RPM is the estimated impact a player has on his team’s net point differential per 100 positions. It takes into account factors such as teammates and opponents, which makes it better than the simple plus/minus stat that tracks how the team scores while that player is on the floor.

A player’s WAR, which is based on their RPM, is the estimated number of team wins attributable to the player. Between these three stats, we should gain a solid understanding of what a given player is contributing. 

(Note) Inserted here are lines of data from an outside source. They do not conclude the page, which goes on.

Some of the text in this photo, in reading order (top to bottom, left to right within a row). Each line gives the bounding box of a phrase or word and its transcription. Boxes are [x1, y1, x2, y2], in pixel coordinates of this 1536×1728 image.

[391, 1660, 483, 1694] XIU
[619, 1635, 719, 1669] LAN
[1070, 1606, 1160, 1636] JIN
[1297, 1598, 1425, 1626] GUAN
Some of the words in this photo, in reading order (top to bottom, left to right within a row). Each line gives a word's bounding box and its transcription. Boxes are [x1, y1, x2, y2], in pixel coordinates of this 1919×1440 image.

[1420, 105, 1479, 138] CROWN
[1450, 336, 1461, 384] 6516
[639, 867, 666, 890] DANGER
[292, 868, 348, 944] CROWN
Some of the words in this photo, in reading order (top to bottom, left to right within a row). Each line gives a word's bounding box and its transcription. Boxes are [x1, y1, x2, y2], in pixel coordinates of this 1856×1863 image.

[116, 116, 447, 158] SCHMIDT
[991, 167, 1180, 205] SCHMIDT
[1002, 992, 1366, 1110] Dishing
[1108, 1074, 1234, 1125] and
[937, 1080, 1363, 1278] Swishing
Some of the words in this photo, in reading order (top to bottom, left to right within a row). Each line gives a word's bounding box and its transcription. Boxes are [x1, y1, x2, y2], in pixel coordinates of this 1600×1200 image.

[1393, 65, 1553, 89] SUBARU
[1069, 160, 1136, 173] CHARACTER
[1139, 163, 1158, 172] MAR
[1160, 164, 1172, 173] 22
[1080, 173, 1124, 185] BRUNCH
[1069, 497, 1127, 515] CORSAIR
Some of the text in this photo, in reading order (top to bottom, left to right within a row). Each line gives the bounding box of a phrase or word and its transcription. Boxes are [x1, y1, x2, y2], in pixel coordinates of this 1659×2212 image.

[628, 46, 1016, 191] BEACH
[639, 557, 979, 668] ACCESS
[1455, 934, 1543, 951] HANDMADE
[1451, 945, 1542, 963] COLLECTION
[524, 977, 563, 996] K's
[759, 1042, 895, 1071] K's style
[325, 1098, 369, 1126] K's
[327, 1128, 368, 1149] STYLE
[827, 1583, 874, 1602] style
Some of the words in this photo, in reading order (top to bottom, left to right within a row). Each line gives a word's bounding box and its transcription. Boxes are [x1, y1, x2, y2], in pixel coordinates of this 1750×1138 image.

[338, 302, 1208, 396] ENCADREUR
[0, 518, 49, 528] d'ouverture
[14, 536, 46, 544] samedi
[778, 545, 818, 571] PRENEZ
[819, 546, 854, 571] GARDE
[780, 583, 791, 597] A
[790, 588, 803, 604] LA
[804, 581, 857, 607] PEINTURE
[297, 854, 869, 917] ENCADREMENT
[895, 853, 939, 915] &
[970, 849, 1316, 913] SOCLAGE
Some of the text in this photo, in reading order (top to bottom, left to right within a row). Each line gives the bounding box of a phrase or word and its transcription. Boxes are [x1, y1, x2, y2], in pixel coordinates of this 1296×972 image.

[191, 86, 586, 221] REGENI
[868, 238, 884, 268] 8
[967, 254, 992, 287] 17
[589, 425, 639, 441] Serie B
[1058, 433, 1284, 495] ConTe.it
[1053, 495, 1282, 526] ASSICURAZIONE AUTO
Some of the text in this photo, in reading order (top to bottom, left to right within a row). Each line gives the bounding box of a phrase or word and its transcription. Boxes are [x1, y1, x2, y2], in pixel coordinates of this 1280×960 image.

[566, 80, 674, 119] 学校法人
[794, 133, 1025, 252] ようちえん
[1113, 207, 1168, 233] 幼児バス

The lineup I chose to analyze is my best guess as the Celtics starting five if the season were to start today. Those players are Rajon Rondo, Avery Bradley, Jeff Green, Brandon Bass, and Jared Sullinger. With this lineup in mind, let’s look at their stats to see where improvement is needed.

Celtics Starting Lineup

A couple of quick reactions. First, Rondo only played in 30 games, which would explain his surprisingly low numbers. I was also surprised to see that only Sullinger was above average in all three categories. It is interesting to see Bradley having the highest WAR of the five, which can be attributed to his above average defensive ability. 

The position that sticks out that needs the most improvement is small forward. Jeff Green was below average in all three areas, the only starter to not be average in at least one category. Granted, he did play 539 minutes, or almost three whole games more than the next closest Celtic, Brandon Bass. However, these stats do seek to accommodate for such factors, so we should be safe in concluding he is the weakest link of the starting lineup. 

The next position the Celtics could benefit in upgrading would be power forward. Brandon Bass was exactly at league average according to PER and well below average in regards to RPM and WAR. He ranks 58th for power forwards in regard to RPM and 50th in WAR. He also ranks 34th in PER. With 30 teams in the league, it would only make sense to have a power forward ranking in at least the top 30. The Celtics can do better than Bass. 

The forward positions are where the Celtics need the most help. The foundation of Rondo, Bradley, and Sullinger will be solid enough for contention with the right additions. Next week, we will look at a couple of players, both in the draft and free agency, who would be the ideal fit for this rebuilding project.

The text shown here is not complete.